We hope the entire energy industry will sit down and take note.

Mark Fawcett

Chief Investment Officer Nest

The group of investors supporting the suit includes UK pension funds Nest and London CIV, Swedish national pension fund AP3, French asset management company Sanso IS and Danske Bank Asset Management. In total, institutional investors own more than half a trillion US dollars in assets.

“We do not accept ClientEarth’s charges,” a Shell spokesman said. “Our directors fulfilled their legal obligations and acted in the best interests of the company at all times.”

“ClientEarth’s attempt, through a derivative suit, to overturn a board policy approved by our shareholders does not make sense. We will oppose their application to obtain court permission to consider this claim, ”they added.

Shell, which aims to be a zero-emissions business by 2050, said it believes its climate targets are in line with those of Paris.

ClientEarth reported that leading third-party evaluations proposed however, this is not the case as Shell’s strategy excludes short- and medium-term emission reduction targets from the products it sells, known as Scope 3 emissions, despite accounting for over 90% of the company’s total emissions.

The desired goal of the Paris Agreement is to continue efforts to limit global warming to 1.5 degrees Celsius above pre-industrial levels by reducing greenhouse gas emissions. The fight to keep global warming below 1.5 degrees Celsius is widely seen as critical because so-called tipping points become more likely beyond that level. These are the thresholds at which small changes can lead to drastic shifts in the Earth’s entire support system.

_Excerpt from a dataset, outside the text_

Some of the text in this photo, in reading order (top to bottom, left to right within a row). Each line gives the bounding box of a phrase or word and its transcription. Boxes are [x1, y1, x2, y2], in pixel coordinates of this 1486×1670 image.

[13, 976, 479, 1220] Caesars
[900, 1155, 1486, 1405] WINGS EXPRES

To be sure, the burning of fossil fuels such as oil and gas is the main cause of the climate emergency.

Big oil profit

The case was brought shortly after Shell reported its highest annual profit of nearly $40 billion.

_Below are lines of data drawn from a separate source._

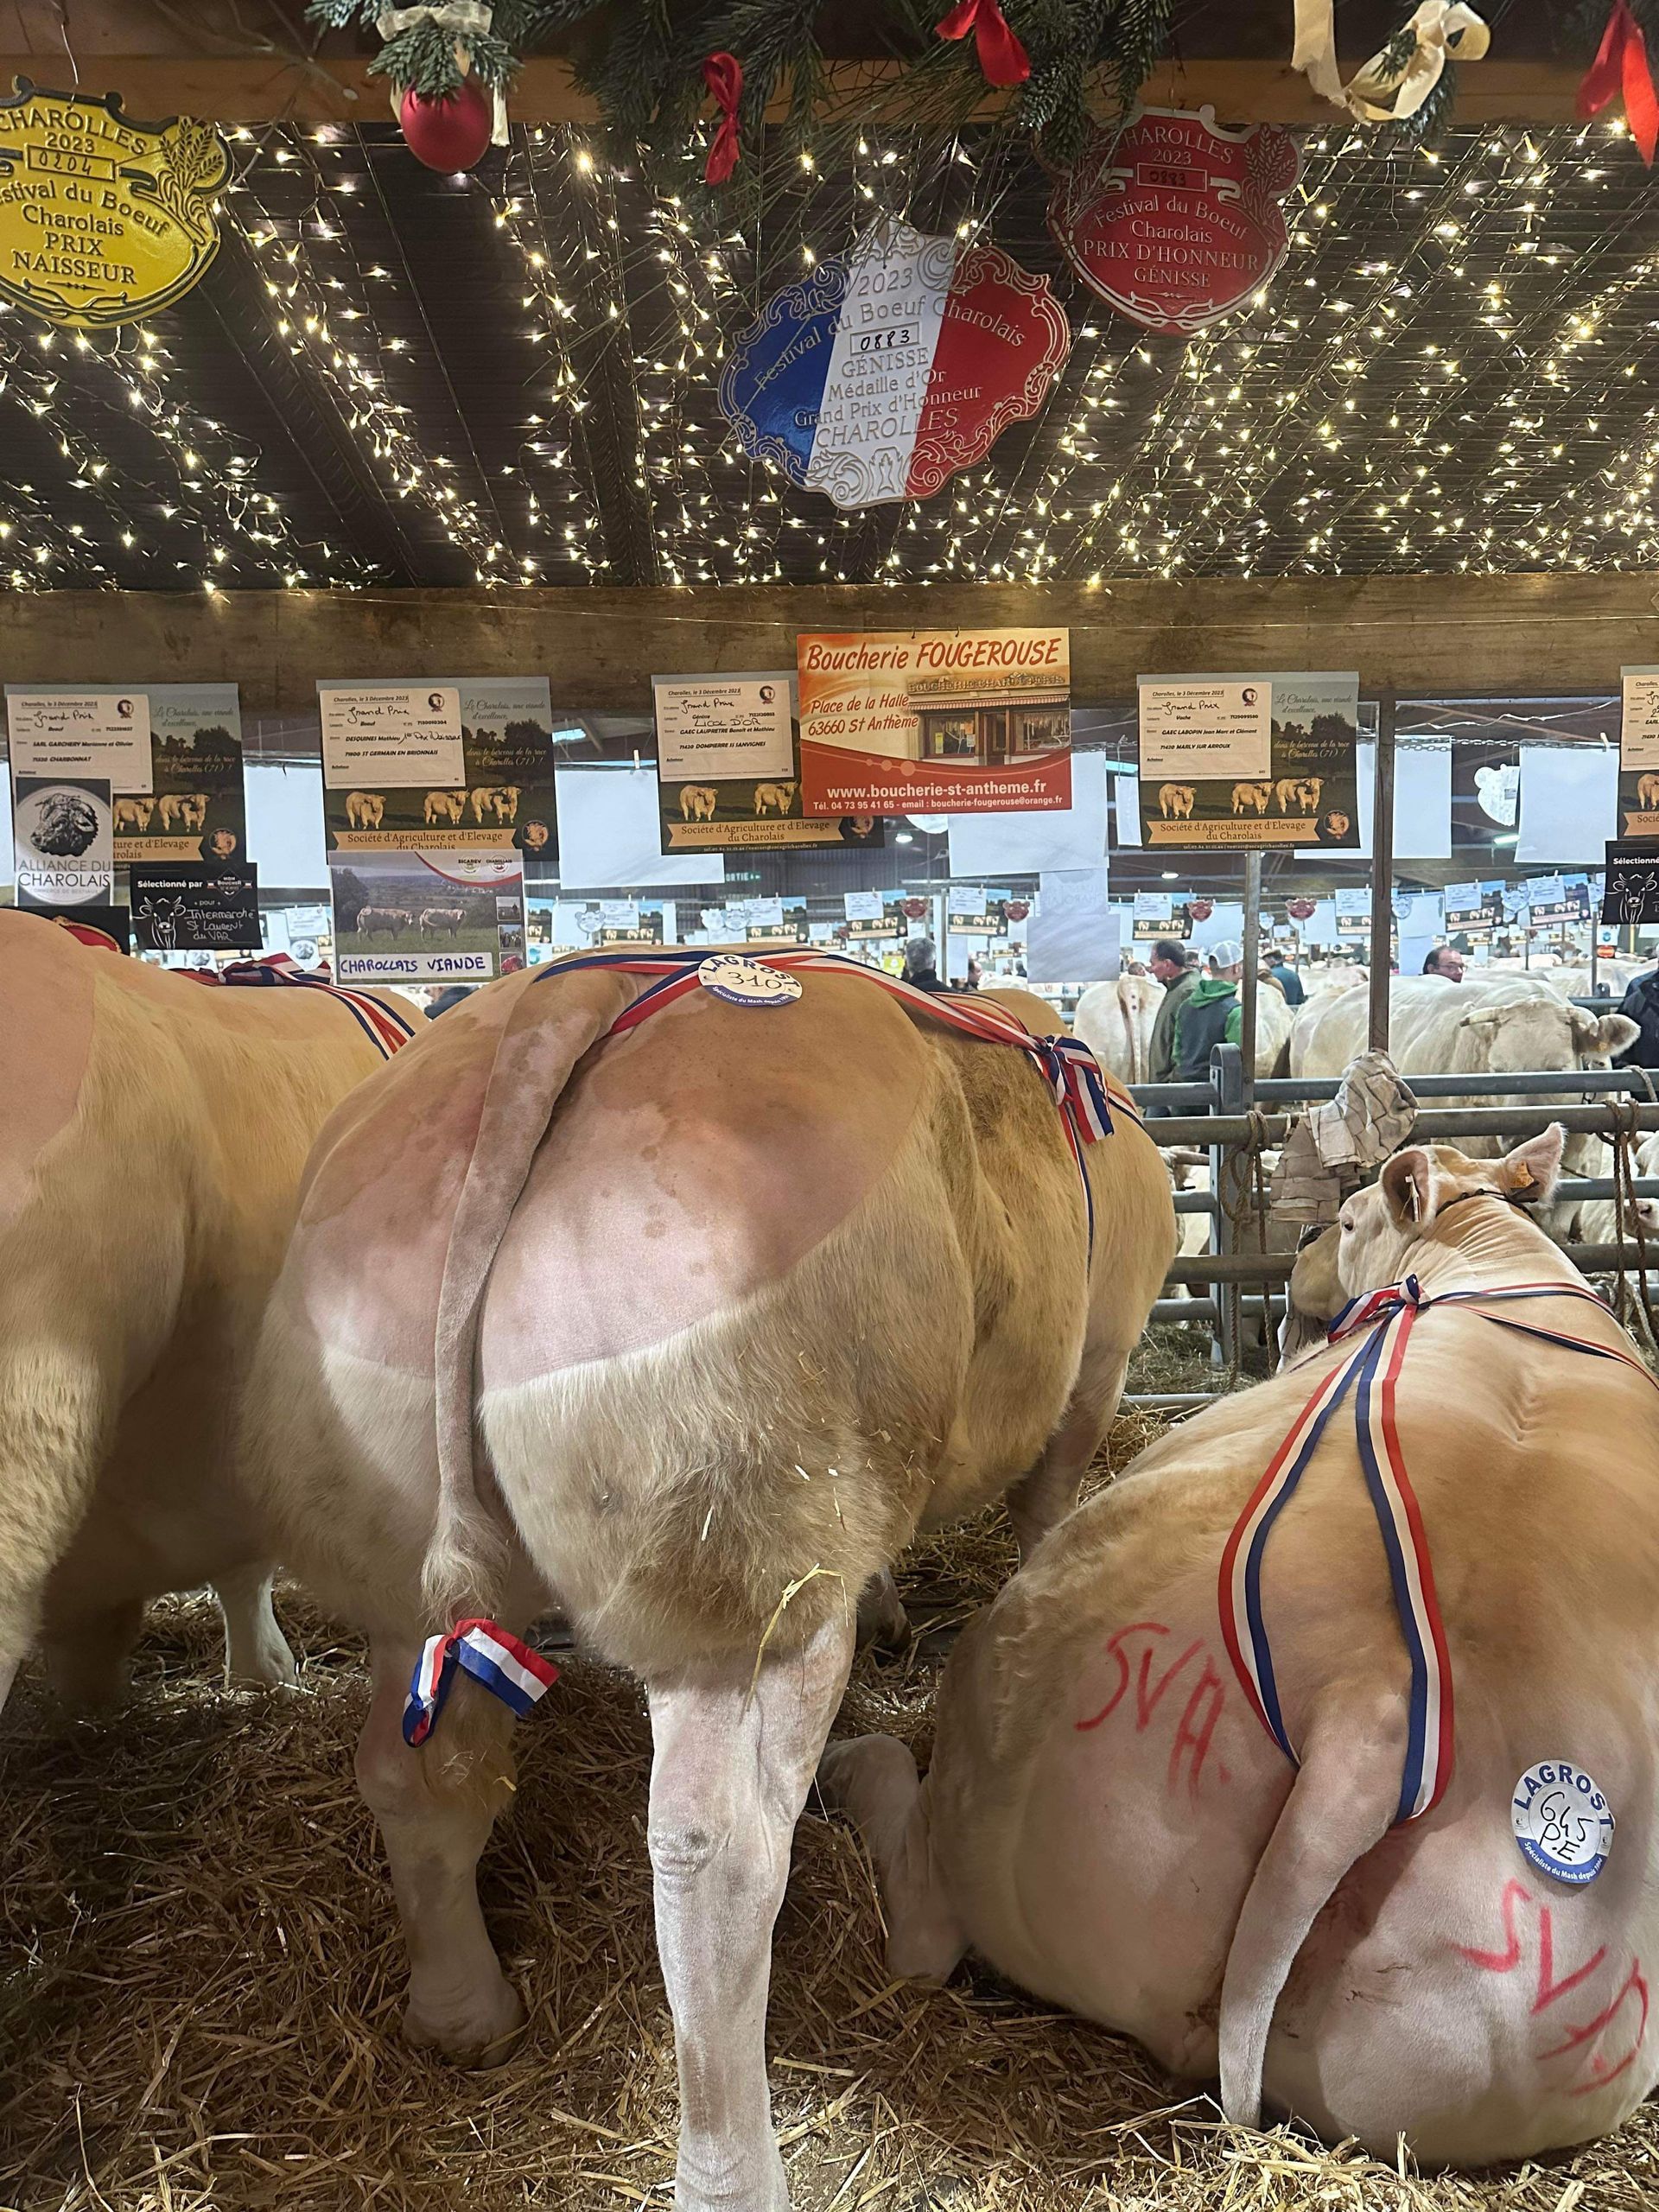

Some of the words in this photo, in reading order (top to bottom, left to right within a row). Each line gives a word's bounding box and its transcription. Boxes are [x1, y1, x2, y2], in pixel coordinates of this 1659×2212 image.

[0, 107, 147, 156] CHAROLLES
[46, 131, 95, 153] 2023
[1124, 127, 1235, 164] HAROLLES
[1153, 149, 1192, 165] 2023
[39, 150, 92, 175] 0204
[22, 204, 124, 236] Charolais
[65, 181, 92, 203] du
[101, 189, 170, 238] Boeuf
[1095, 194, 1159, 227] Festival
[1166, 196, 1187, 213] du
[1196, 201, 1249, 240] Boeuf
[44, 231, 105, 257] PRIX
[1131, 220, 1212, 244] Charolais
[12, 250, 137, 284] NAISSEUR
[1084, 240, 1128, 258] PRIX
[1137, 244, 1258, 270] D'HONNEUR
[857, 271, 912, 297] 2023
[1134, 264, 1211, 288] GÉNISSE
[753, 330, 823, 391] Festival
[828, 315, 853, 336] du
[861, 296, 925, 324] Boeuf
[932, 296, 1027, 347] Charolais
[860, 329, 911, 351] 0883
[842, 346, 929, 378] GÉNISSE
[828, 377, 899, 403] Médaille
[906, 369, 947, 390] d'Or
[794, 404, 844, 427] Grand
[849, 398, 882, 419] Prix
[888, 385, 982, 413] d'Honneur
[816, 407, 960, 448] CHAROLLES
[807, 641, 908, 671] Boucherie
[916, 638, 1061, 668] FOUGEROUSE
[347, 707, 384, 723] Grand
[681, 700, 710, 714] Grand
[810, 699, 842, 714] Place
[847, 696, 861, 711] de
[865, 696, 875, 709] la
[880, 693, 909, 708] Halle
[1161, 702, 1196, 715] Grand
[809, 720, 845, 735] 63660
[849, 717, 865, 733] St
[868, 714, 918, 731] Anthème
[827, 779, 1046, 798] www.boucherie-st-antheme.fr
[813, 801, 829, 810] Tél.
[883, 800, 894, 809] 65
[901, 799, 924, 808] email
[931, 795, 1063, 807] boucherie-fougerouse@orange.fr
[348, 833, 382, 842] Société
[384, 832, 445, 844] d'Agriculture
[459, 831, 502, 842] d'Elevage
[681, 825, 713, 835] Société
[716, 823, 774, 835] d'Agriculture
[787, 821, 830, 830] d'Elevage
[728, 834, 740, 842] du
[741, 832, 785, 842] Charolais
[1160, 823, 1192, 832] Société
[1194, 822, 1251, 833] d'Agriculture
[1264, 820, 1306, 831] d'Elevage
[1219, 831, 1262, 840] Charolais
[146, 839, 189, 850] d'Elevage
[20, 860, 86, 872] ALLIANCE
[91, 860, 111, 872] DU
[18, 873, 111, 887] CHAROLAIS
[340, 959, 418, 974] CHAROLLAIS
[427, 957, 486, 972] VIANDE
[701, 956, 800, 988] LAGROST
[728, 971, 782, 989] 310
[1514, 1764, 1614, 1830] LAGROST
[1541, 1791, 1594, 1842] 645
[1524, 1841, 1551, 1872] Spécialiste
[1552, 1867, 1560, 1876] du
[1560, 1871, 1578, 1879] Mash
[1579, 1868, 1596, 1880] depuis

The energy giant’s 2022 earnings broke its previous annual profit record of $28.4 billion in 2008 and more than doubled the firm’s full-year 2021 earnings of $19.3 billion.

Shell CEO Wael Sawan called 2022 a “huge year” for the company, saying he is honored to take on the role he started on January 1st.

“Looking ahead, I think we have a unique opportunity to succeed as winners in the energy transition. We have a portfolio that I think is unmatched,” Sawan said.

Results Shell became part of a major oil company last year, helped by high fossil fuel prices and robust demand following Russia’s full-scale invasion of Ukraine.

Greenpeace activists set up a fake gas station price sign showing Shell’s 2022 net profit during a demonstration in front of the company’s headquarters in London on February 2, 2023.

Daniel Leal | Afp | Getty Images

Nest chief investment officer Mark Fawcett said the case against Shell’s board of directors showed that investors were willing to challenge those deemed not doing enough to transition their businesses.

“We hope the entire energy industry will sit down and take note,” Fawcett said.

Separately, Head of Responsible Investments at London CIV, Jacqueline Amy Jackson, said: “In our view, the board of directors of a high emission company has a fiduciary duty to manage climate risks while also considering the impact of their decisions on the climate. change and reduce your contribution to it.

“We believe the ClientEarth requirement is in the best interests of our clients’ funds as a Shell shareholder and we support it,” Jackson added.